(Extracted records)
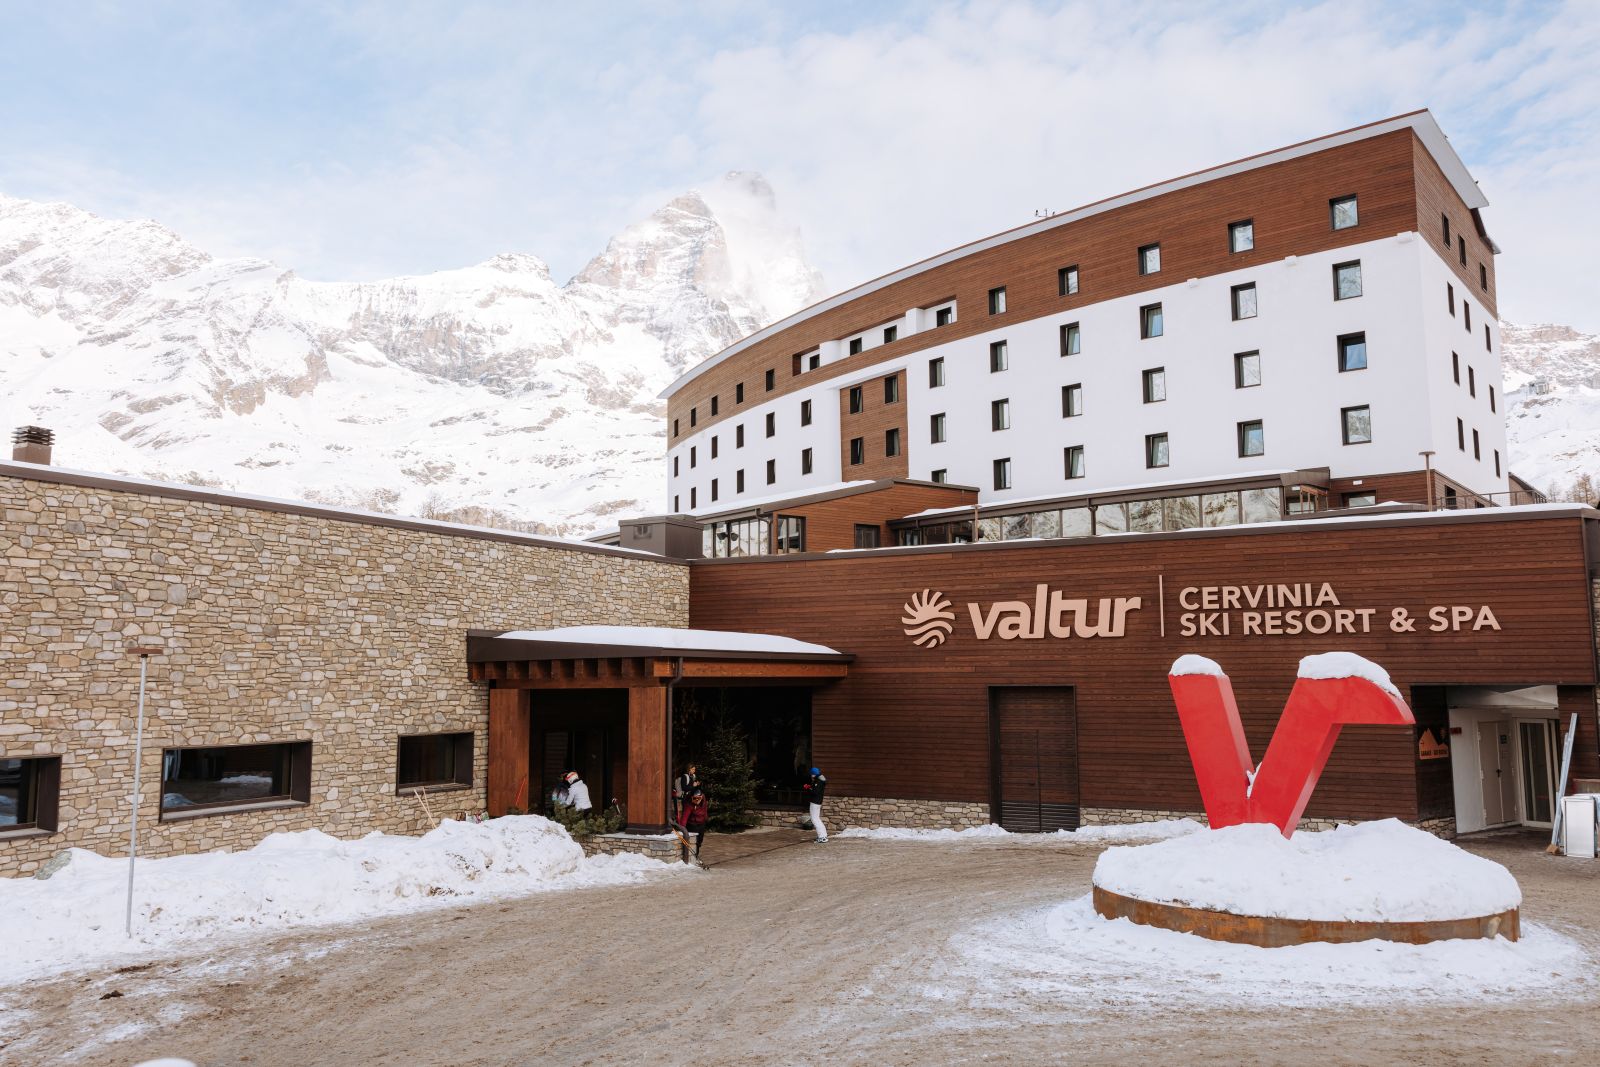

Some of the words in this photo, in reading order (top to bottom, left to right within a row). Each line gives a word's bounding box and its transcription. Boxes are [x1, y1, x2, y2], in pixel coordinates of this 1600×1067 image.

[967, 583, 1142, 640] valtur
[1179, 582, 1341, 610] CERVINIA
[1180, 612, 1230, 637] SKI
[1242, 608, 1376, 635] RESORT
[1389, 607, 1417, 633] &
[1428, 605, 1502, 632] SPA
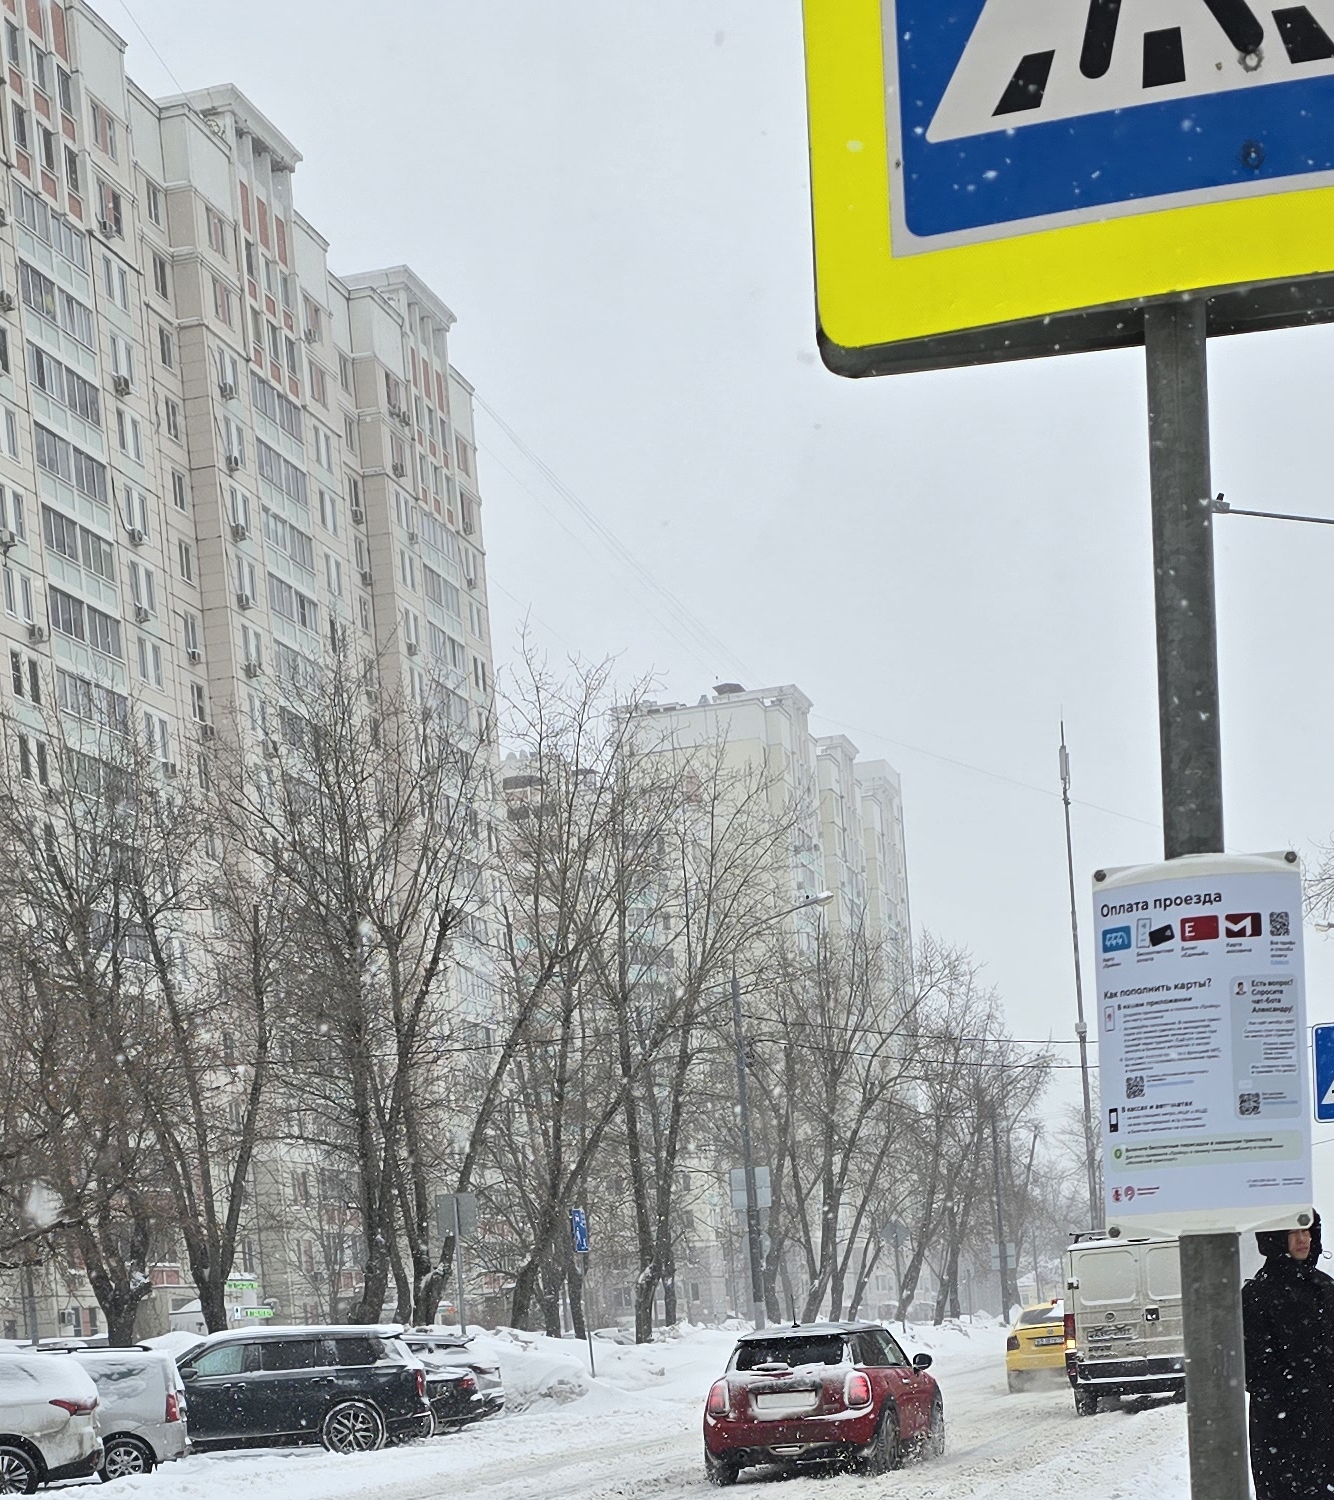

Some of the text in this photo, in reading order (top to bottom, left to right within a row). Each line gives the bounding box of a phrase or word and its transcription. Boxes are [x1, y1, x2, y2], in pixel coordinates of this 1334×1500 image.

• **THE TASK**: Write out all the entries exactly, except for the pictures.

• **SOLUTION**:
Some of the words in this photo, in reading order (top to bottom, left to right within a row). Each line gives a word's bounding box and its transcription. Boxes are [x1, y1, x2, y2], in pixel coordinates of this 1600×1067 image.

[967, 583, 1142, 640] valtur
[1179, 582, 1341, 610] CERVINIA
[1180, 612, 1230, 637] SKI
[1242, 608, 1376, 635] RESORT
[1389, 607, 1417, 633] &
[1428, 605, 1502, 632] SPA

Some of the text in this photo, in reading order (top to bottom, left to right within a row). Each line gives the bounding box of a phrase or word and its transcription. Boxes are [x1, y1, x2, y2], in pixel coordinates of this 1334×1500 image.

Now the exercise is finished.